Uttarakhand recently implemented a Uniform Civil Code (UCC), governing various aspects of civil life. One of the novel aspects of the UCC is that it mandates compulsory registration of opposite-sex live-in relationships, and criminalises those engaged in unregistered non-marital cohabitation. While some of the provisions on live-in relationships are well intentioned, others are problematic and potentially dangerous.
Well intentioned, but…
The biggest concerns around non-marital cohabitation tend to be the protection of the interests of the party that is rendered needy (due to childcare or other household responsibilities or a lack of independent income, for example), and of the rights of any children born to the parties. The UCC goes some way towards addressing these concerns. It declares that children born in live-in relationships will be considered legitimate, which is an improvement on the existing position of law whereby only children born through void or voidable marriages (where a marriage takes place but is legally invalid) are deemed legitimate. The essential legal remedy of maintenance in the event of desertion by a live-in partner is also provided by the law, although desertion in this context remains undefined.
Two potential problems that might arise around these provisions need consideration. First, the maintenance provision might provide a legal recourse to a woman who has been deserted.
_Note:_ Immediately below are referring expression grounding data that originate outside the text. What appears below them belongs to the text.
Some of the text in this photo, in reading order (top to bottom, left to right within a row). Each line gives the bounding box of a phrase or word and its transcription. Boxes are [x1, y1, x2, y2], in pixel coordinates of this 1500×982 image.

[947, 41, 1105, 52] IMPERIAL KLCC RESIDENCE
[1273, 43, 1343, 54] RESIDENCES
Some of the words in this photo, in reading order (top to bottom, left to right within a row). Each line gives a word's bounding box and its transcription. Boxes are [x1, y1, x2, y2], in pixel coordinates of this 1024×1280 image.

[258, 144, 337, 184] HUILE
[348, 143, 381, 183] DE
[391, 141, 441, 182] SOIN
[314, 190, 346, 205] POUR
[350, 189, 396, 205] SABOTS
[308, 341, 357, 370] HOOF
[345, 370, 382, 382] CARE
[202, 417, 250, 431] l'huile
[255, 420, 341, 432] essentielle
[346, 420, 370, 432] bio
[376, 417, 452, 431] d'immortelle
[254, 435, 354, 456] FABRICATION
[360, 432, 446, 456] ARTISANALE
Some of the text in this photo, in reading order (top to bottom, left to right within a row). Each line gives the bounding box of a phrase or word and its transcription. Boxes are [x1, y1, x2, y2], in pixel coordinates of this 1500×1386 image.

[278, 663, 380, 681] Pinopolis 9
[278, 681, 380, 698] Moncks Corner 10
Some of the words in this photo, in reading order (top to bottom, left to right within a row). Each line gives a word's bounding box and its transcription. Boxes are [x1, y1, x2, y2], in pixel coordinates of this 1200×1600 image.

However, there is no provision for maintenance upon termination (as opposed to desertion), and termination of a live-in relationship requires nothing more than a statement of termination to be submitted to the registrar by either party. This aligns with the informal and flexible nature of non-marital cohabitation but raises its own challenges. When a live-in relationship is terminated (without cause or scope for contestation), a woman may be left with no legal recourse despite needing continuing support. A related concern is that since only opposite-sex live-in relationships can be registered, the Uttarakhand government has left same-sex relationships entirely unprotected.
Second, the very definition of a ‘live-in relationship’ is nebulous and overbroad. Drawing from the Protection of Women from Domestic Violence Act, 2005, and case law on domestic violence, the UCC defines a ‘live-in relationship’ as a relationship ‘in the nature of marriage’. But live-in relationships are frequently not in the nature of a marriage. Parties may not see themselves as being ‘married in all but name’. Similarly, the one-month period provided for the registration of a live-in relationship appears to misunderstand the typical nature of such a relationship which does not usually have a formal date of commencement because the transformation of a casual sexual relationship, or non-cohabiting intimate sexual relationship, into a live-in relationship tends to be fluid. This legal-social mismatch is likely to compel the registration of sexual relationships that are, in fact, casual and do not require the kind of protections the UCC offers.
The right to sexual autonomy
There are graver problems with these provisions of the UCC. In Shakti Vahini v. Union of India (2018), the Supreme Court recognised an adult’s right to positive sexual autonomy, encompassing the freedom to make one’s own choices about whether and with whom to have sexual interactions. While this is not an unconditional right (being subject to the consent of the other party, laws on public decency, etc.), the essence of the right is that neither the state, nor an adult’s family can interfere unreasonably with her consensual sexual choices. However, studies have demonstrated that parents and guardians, through legal (e.g., misuse of rape laws) and extra-legal (e.g., forms of social punishment including violence) means frequently undermine this right. Provisions regulating live-in relationships have the potential to enhance such parental control. The provisions in the UCC mandate that any live-in relationship be registered within one month of its commencement. While the age of sexual consent in India is 18 years, where either partner in the live-in relationship is younger than 21 years, the UCC states that information of the relationship will be sent to the person’s parent/guardian. In addition to being an unjustified violation of the adult’s right to privacy and sexual autonomy, this provision, by alerting disapproving parents/guardians to inter-caste or inter-religious relationships, in a context where honour-based violence is widespread, is dangerous.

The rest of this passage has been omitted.